Nore pearl mussel
- Conservation status: Critically Endangered (IUCN 3.1)

Scientific classification
- Kingdom: Animalia
- Phylum: Mollusca
- Class: Bivalvia
- Order: Unionida
- Family: Margaritiferidae
- Genus: Margaritifera
- Species: M. durrovensis
- Binomial name: Margaritifera durrovensis (Phillips, 1928)

= Nore pearl mussel =

- Genus: Margaritifera
- Species: durrovensis
- Authority: (Phillips, 1928)
- Conservation status: CR

Species of mollusc

The Nore pearl mussel (Margaritifera durrovensis) is a critically endangered species of freshwater pearl mussel, an aquatic bivalve mollusc in the family Margaritiferidae.

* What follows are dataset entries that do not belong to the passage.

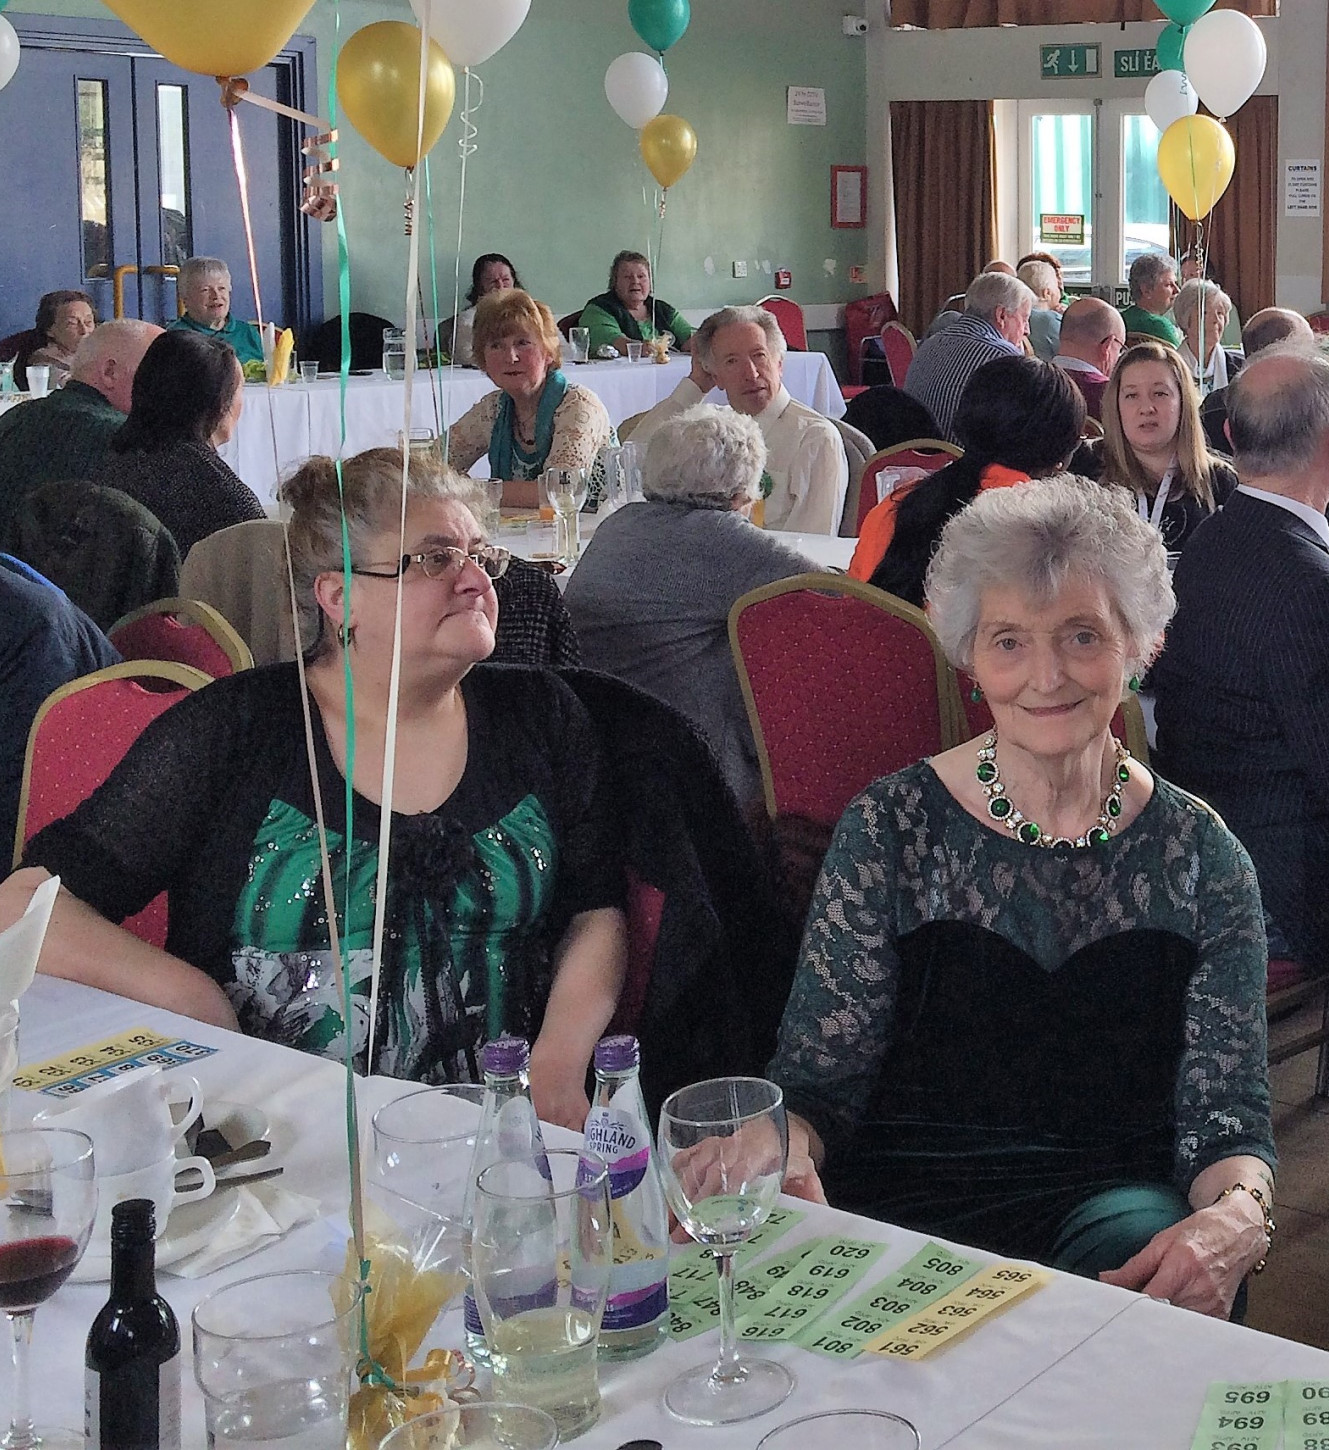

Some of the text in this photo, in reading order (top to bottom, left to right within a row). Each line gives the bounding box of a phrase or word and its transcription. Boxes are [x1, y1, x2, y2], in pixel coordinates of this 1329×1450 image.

[1144, 50, 1160, 71] ÉA
[1043, 216, 1081, 224] EMERGENCY
[590, 1127, 636, 1149] GHLAND
[589, 1141, 618, 1154] SPRING
[829, 1245, 870, 1260] 620
[808, 1265, 850, 1279] 619
[922, 1257, 964, 1276] 805
[672, 1268, 713, 1281] 717
[991, 1269, 1032, 1283] 565
[787, 1285, 829, 1300] 618
[896, 1277, 938, 1295] 804
[965, 1287, 1006, 1300] 564
[869, 1296, 911, 1314] 803
[937, 1305, 978, 1317] 563
[764, 1306, 808, 1319] 617
[840, 1315, 883, 1334] 802
[907, 1322, 949, 1336] 562
[742, 1326, 785, 1338] 616
[812, 1336, 854, 1354] 801
[878, 1341, 920, 1356] 561
[1224, 1391, 1271, 1404] 695
[1218, 1416, 1265, 1430] 694
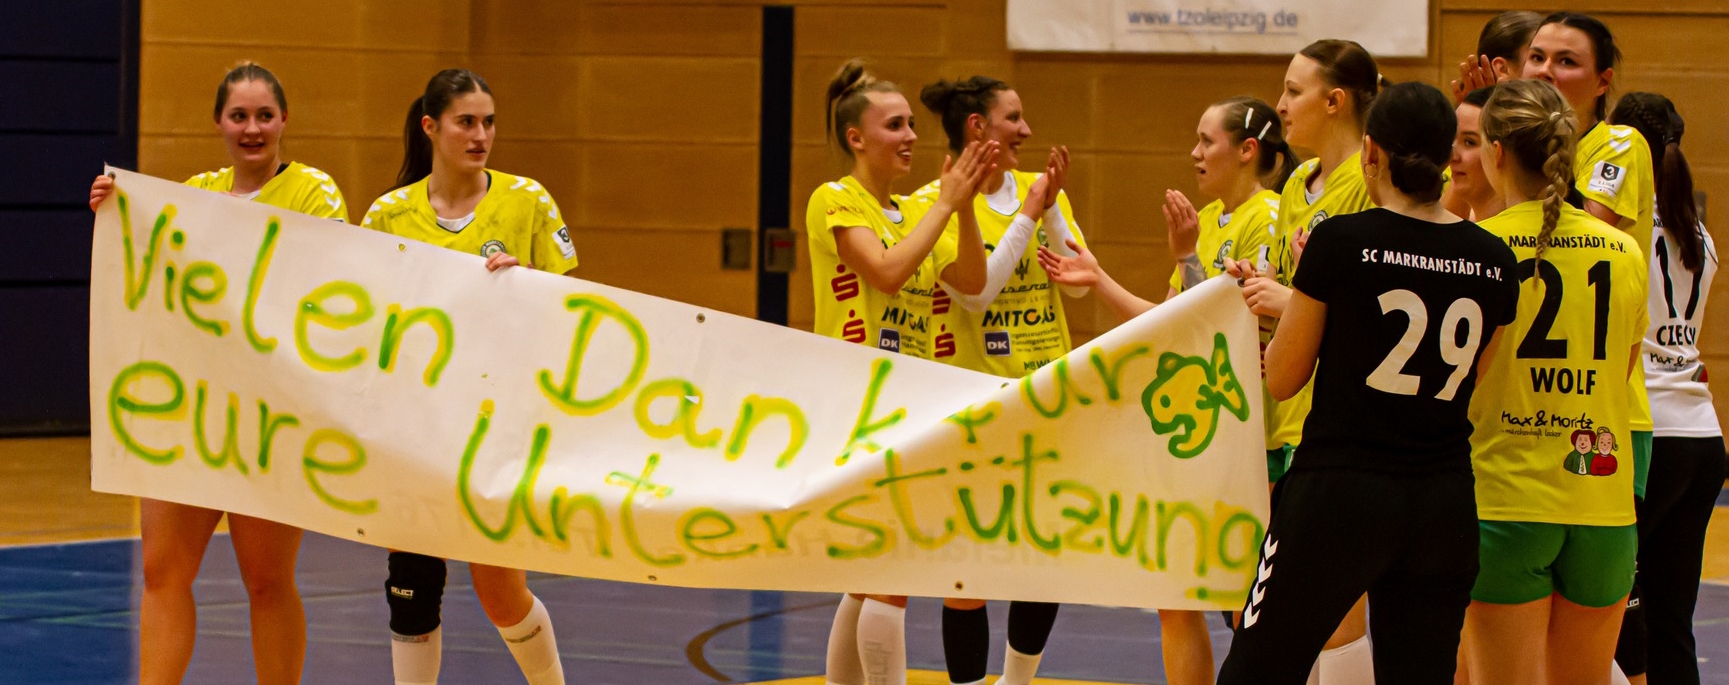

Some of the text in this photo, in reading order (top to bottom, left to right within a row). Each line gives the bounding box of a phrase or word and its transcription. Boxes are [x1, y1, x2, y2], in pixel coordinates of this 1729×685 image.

[1508, 234, 1627, 253] MARRANSTÄDT e.V.
[1362, 248, 1503, 281] SC MARKRANSTÄDT e.V.
[1516, 258, 1611, 361] 21
[114, 186, 454, 387] Vielen
[536, 294, 907, 470] Dank
[880, 338, 899, 349] DK
[986, 340, 1008, 350] DK
[1366, 288, 1484, 401] 29
[1530, 367, 1597, 395] WOLF
[1501, 410, 1594, 430] Max & Moritz
[107, 360, 1264, 606] eure Unterstützung
[391, 586, 414, 597] SELECT
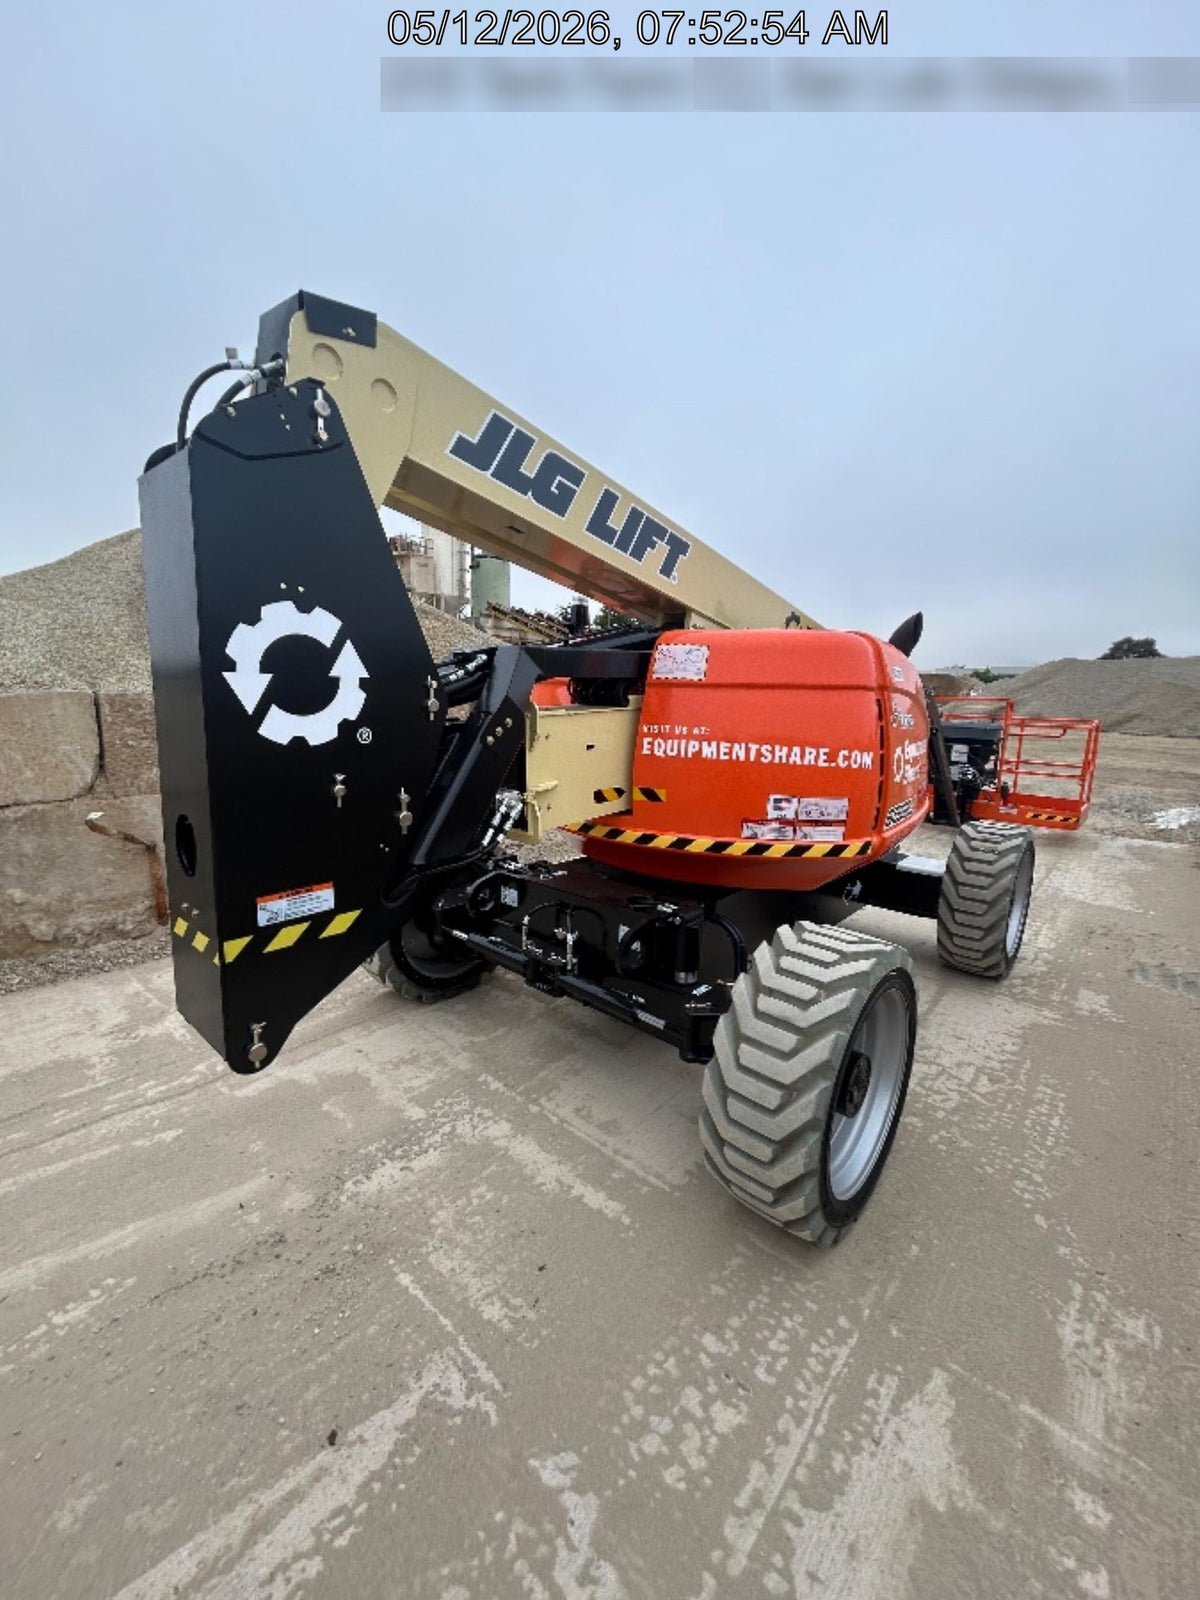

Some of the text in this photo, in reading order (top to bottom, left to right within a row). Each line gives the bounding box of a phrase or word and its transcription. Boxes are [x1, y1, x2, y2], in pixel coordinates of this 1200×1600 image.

[445, 409, 691, 583] JLG LIFT
[642, 724, 671, 733] VISIT
[674, 724, 688, 735] US
[642, 737, 874, 770] EQUIPMENTSHARE.COM

The species is endemic to Ireland and was first identified by R.A. Phillips in 1926, who later declared it a new species in Volume 18 of the Proceedings of the Malacological Society. This designation was controversial, and the taxonomic status of the Nore pearl mussel remains inconclusive. It is often described as a rare ecophenotype of M. margaritifera. The European Union's Habitats Directive on the conservation of natural habitats and wild fauna placed Margaritifera durrovensis on Annex II and Annex V as a separate taxon.

==Distribution==
The species is native to the Three Sisters - the rivers Barrow, Suir and Nore, the latter of which being the mussel's namesake. However, specimens have not been found outside of the River Nore since 1993. Unlike M. margaritifera, which can tolerate acidic conditions, the Nore pearl mussel requires highly calcareous waters, and generally inhabits sections of the River Nore which have CaCO_{3} concentrations of over 330 mg/L. The Nore pearl mussel also has a significantly shorter lifespan than M. margaritifera, typically living for 60 to 80 years.

==Threats and conservation==
Studies conducted on Nore pearl mussel distribution revealed that the population of the species had declined by approximately 75% between 1991 and 2009. The primary pressure identified was agricultural intensification leading to elevated levels of phosphorus, nitrate and suspended solids across the mussel's native range. A captive breeding program was set up in 2005 by the National Parks and Wildlife Service, whereby juvenile mussels complete their first growing season in captivity before being re-introduced to the River Nore.